AWS Local Zones are accessible from API Endpoint and the Console of their parent region. To get started, you first need to enable the AWS Local Zones for your AWS account before you can deploy resources to them. After you enable AWS Local Zones they will be visible along with all of the other Availability Zones, and you will be able to access and manage AWS Local Zones with the same APIs and AWS Management Console that you are accustomed to using for AWS.
Q: Can AWS Local Zones be used to meet data residency requirements?
Data residency requirements vary depending on the jurisdiction. Customers can configure their data to remain on AWS Local Zones using Amazon Elastic Compute Cloud (EC2), Amazon Elastic Block Store (EBS), Amazon File Storage (FSx) and other local services. In order to ensure a jurisdiction’s unique data residency requirements are met, we recommend that customers work closely with their compliance and security teams for confirmation.
Q: What instance types are supported in Local Zones?
We support various instance types, such as T3, C5d, R5d, and G4dn in Local Zones. Some Local Zones, such as the LA Local Zones, offer more instance types incl. C5, M5, R5, and I3en. You can use the Instance Types section of the EC2 Console or DescribeInstanceTypeOfferings API to discover and compare available instance types in AWS Local Zones.
AWS Services and Networking
Q: Which AWS services are available for use in the AWS Local Zones?
Various AWS services such as Amazon Elastic Compute Cloud (EC2), Amazon Virtual Private Cloud (VPC), Amazon Elastic Block Store (EBS), Amazon FSx, Amazon Elastic Load Balancing, Amazon EMR, Amazon ElastiCache and Amazon Relational Database Service (RDS) are available locally in the AWS Local Zones. You can also use services that orchestrate or work with local services such as Amazon EC2 Auto Scaling, Amazon EKS clusters, Amazon ECS clusters, Amazon EC2 Systems Manager, Amazon CloudWatch, AWS CloudTrail, and AWS CloudFormation. AWS Local Zones also provide a high-bandwidth, secure connection to the AWS Region, allowing you to seamlessly connect to the full range of services in the AWS Region through the same APIs and tool sets. To get the complete list of services supported in the Local Zone that you are considering, visit our features page.
Q: How does Amazon VPC work in AWS Local Zones?
You can extend any VPC from the parent region into AWS Local Zones by creating a new subnet and assigning it to the AWS Local Zone. When you create a subnet in AWS Local Zone, your VPC is extended to that Local Zone and your VPC will treat the subnet as any subnet in any other AZ, and relevant gateways, route tables, etc. will be automatically adjusted.

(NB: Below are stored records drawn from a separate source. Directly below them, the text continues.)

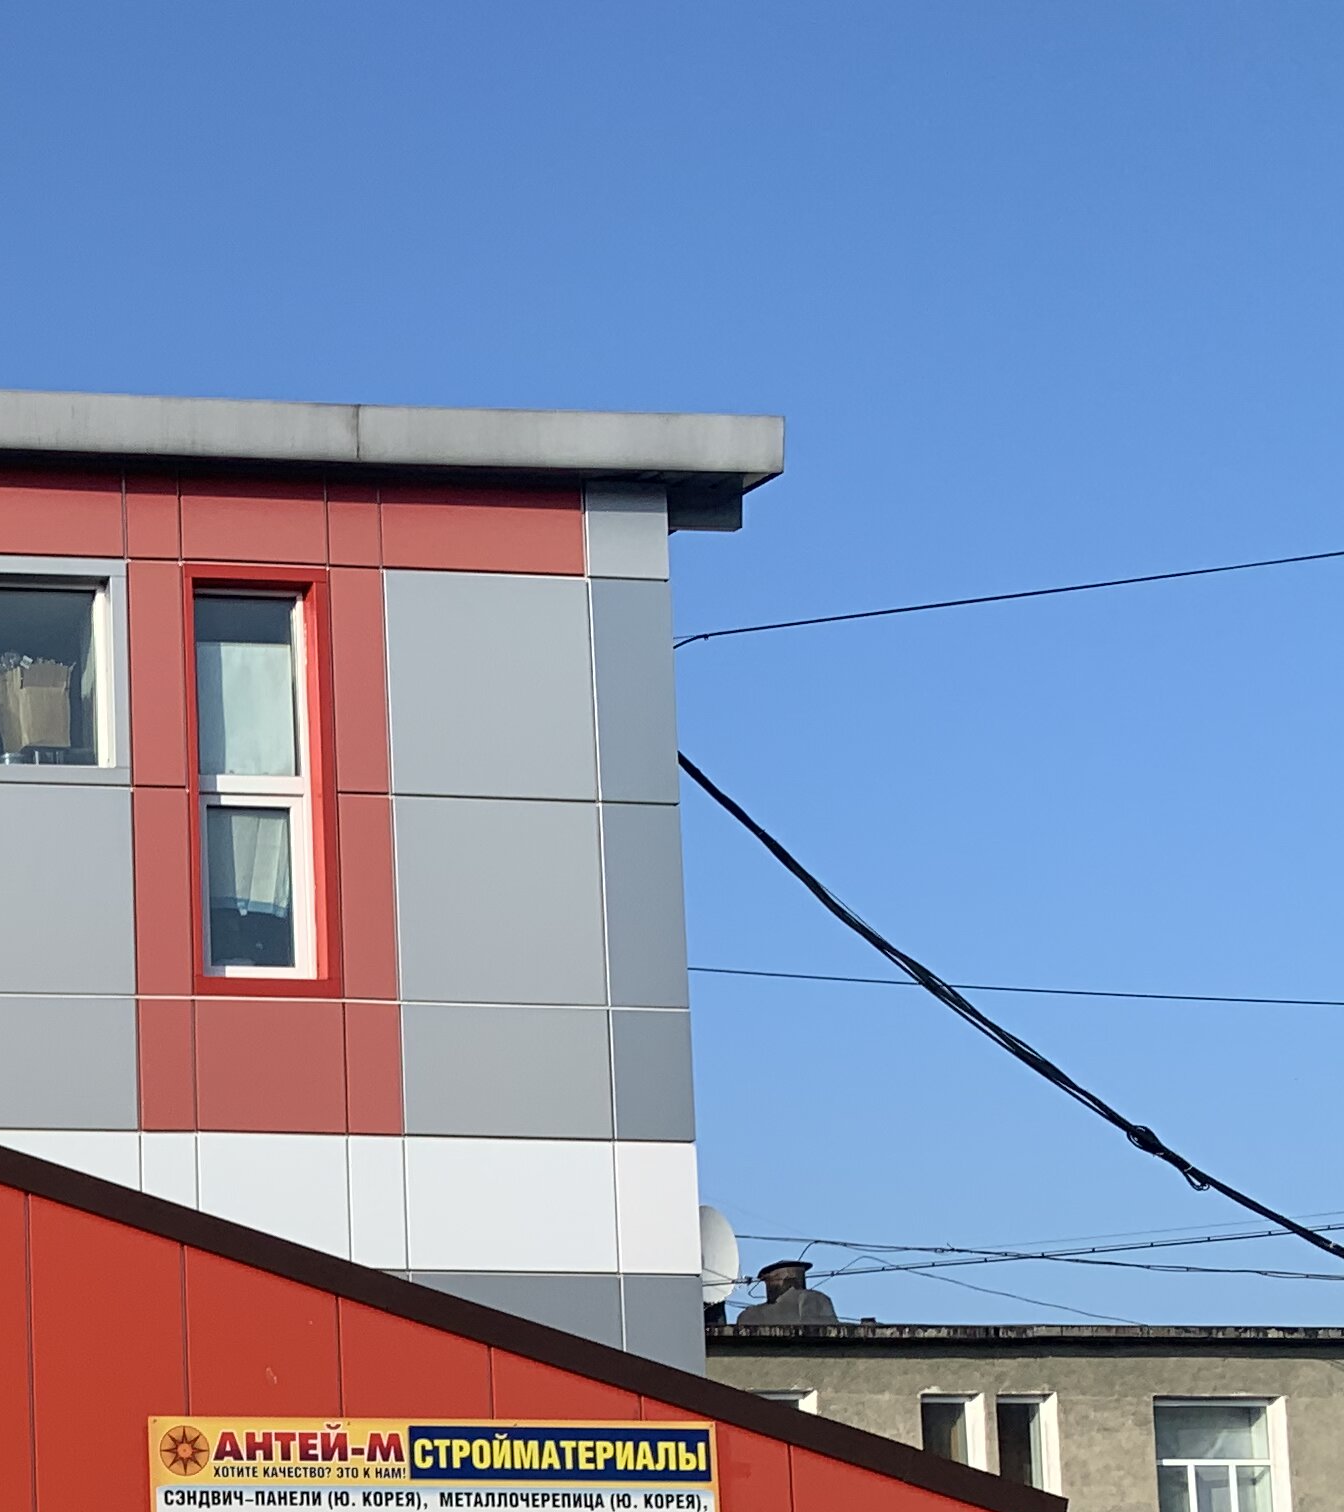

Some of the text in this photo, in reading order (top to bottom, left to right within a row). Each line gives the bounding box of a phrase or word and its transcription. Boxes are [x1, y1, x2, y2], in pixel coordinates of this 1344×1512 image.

[213, 1423, 405, 1463] АНТЕЙ-М
[413, 1433, 707, 1472] СТРОЙМАТЕРИАЛЫ
[213, 1466, 406, 1479] ХОТИТЕ КАЧЕСТВО? ЭТО К НАМ!
[328, 1490, 356, 1510] (Ю.
[362, 1491, 428, 1511] КОРЕЯ),
[440, 1491, 604, 1511] МЕТАЛЛОЧЕРЕПИЦА
[610, 1492, 638, 1512] (Ю.
[644, 1493, 708, 1512] КОРЕЯ),
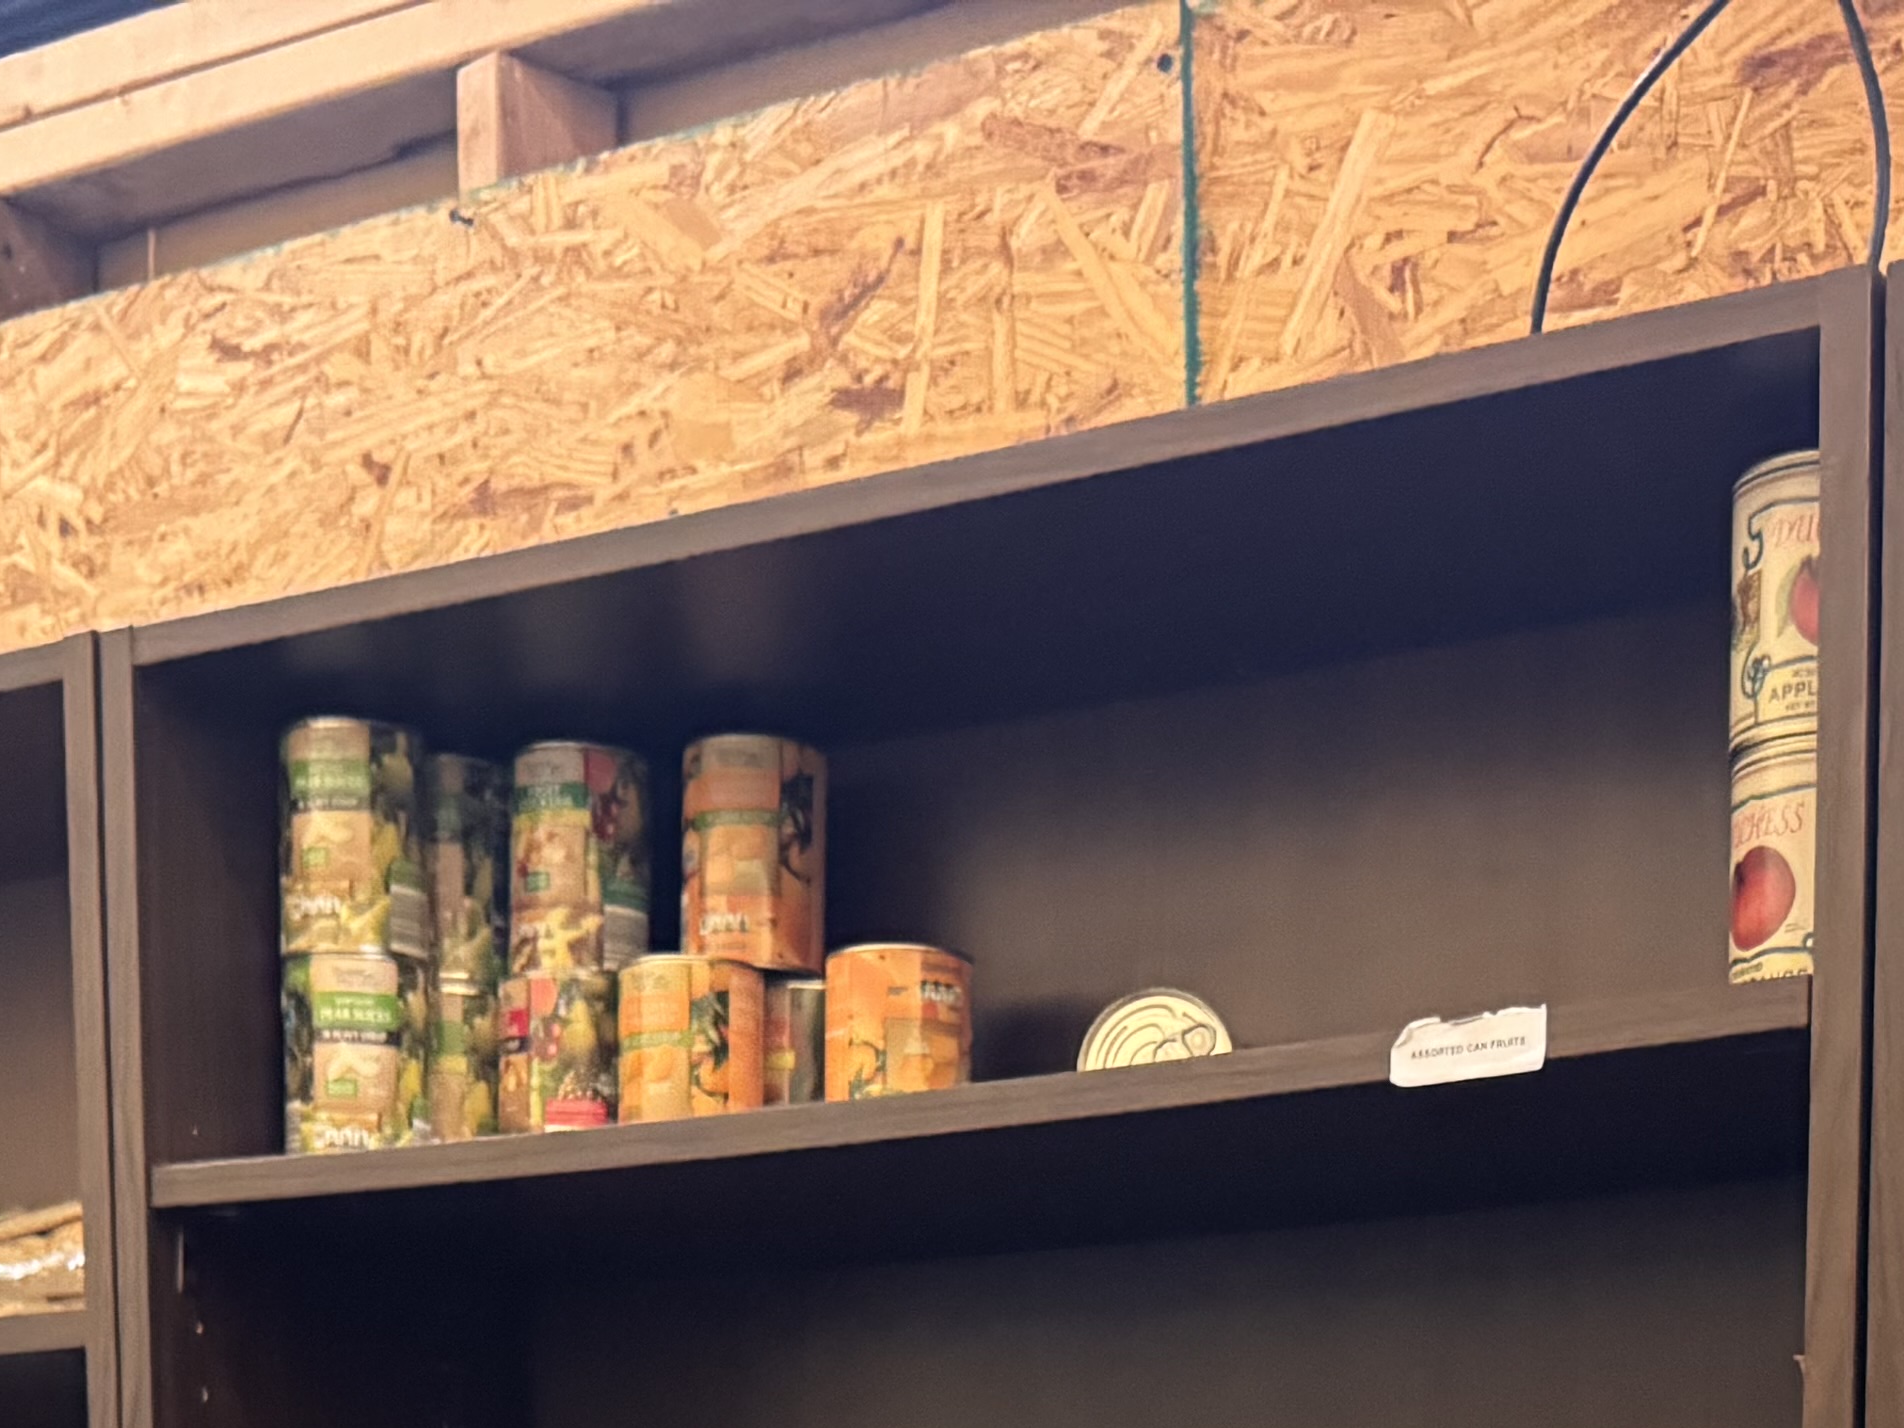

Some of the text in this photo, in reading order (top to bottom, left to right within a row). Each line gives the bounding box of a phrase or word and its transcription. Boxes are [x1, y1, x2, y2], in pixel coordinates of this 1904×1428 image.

[1769, 679, 1816, 703] APPL
[1411, 1036, 1526, 1059] ASSORTED CAN FRUITS

Q: What EBS volume types are available in AWS Local Zones?
Local Zones in Los Angeles provide gp2, gp3, io1, st1, and sc1 EBS volumes. All other Local Zones provide gp2 volume.
Q: What’s the default encryption behavior of EBS volumes in Local Zones?
Except for Local Zones in Los Angeles, in all other Local Zones in the US, EBS volumes are encrypted by default using Amazon EBS Encryption for data at rest and data in transition between the Local Zone and its parent Region. By default, Amazon EBS encryption uses AWS Key Management Service (AWS KMS) and AWS managed keys. However, customers can specify Customer Managed Keys as the default encryption key. In the Los Angeles Local Zones, by default, the EBS volumes are not encrypted unless Encryption by default is enabled for the account.
Q: Are snapshots of EBS volumes stored locally in Local Zones?
All snapshots for EBS volumes resident in a Local Zone are stored in the Local Zone’s parent Region.
Pricing and Billing
Q: What pricing models are supported in Local Zones for Amazon EC2?
Q: How can I see pricing information for AWS Local Zones?
For pricing information, please visit the pricing section on the respective services. You can filter pricing information by choosing the Local Zone location in the dropdown.
Q: How do I see my cost and usage for AWS Local Zone?
You can view your monthly charges for AWS Local Zone from the Billing and Cost Management Console. Additionally, there are two ways to gain more insights into the costs and usage associated with AWS Local Zone through the data in the Cost & Usage Report and reports in Cost Explorer.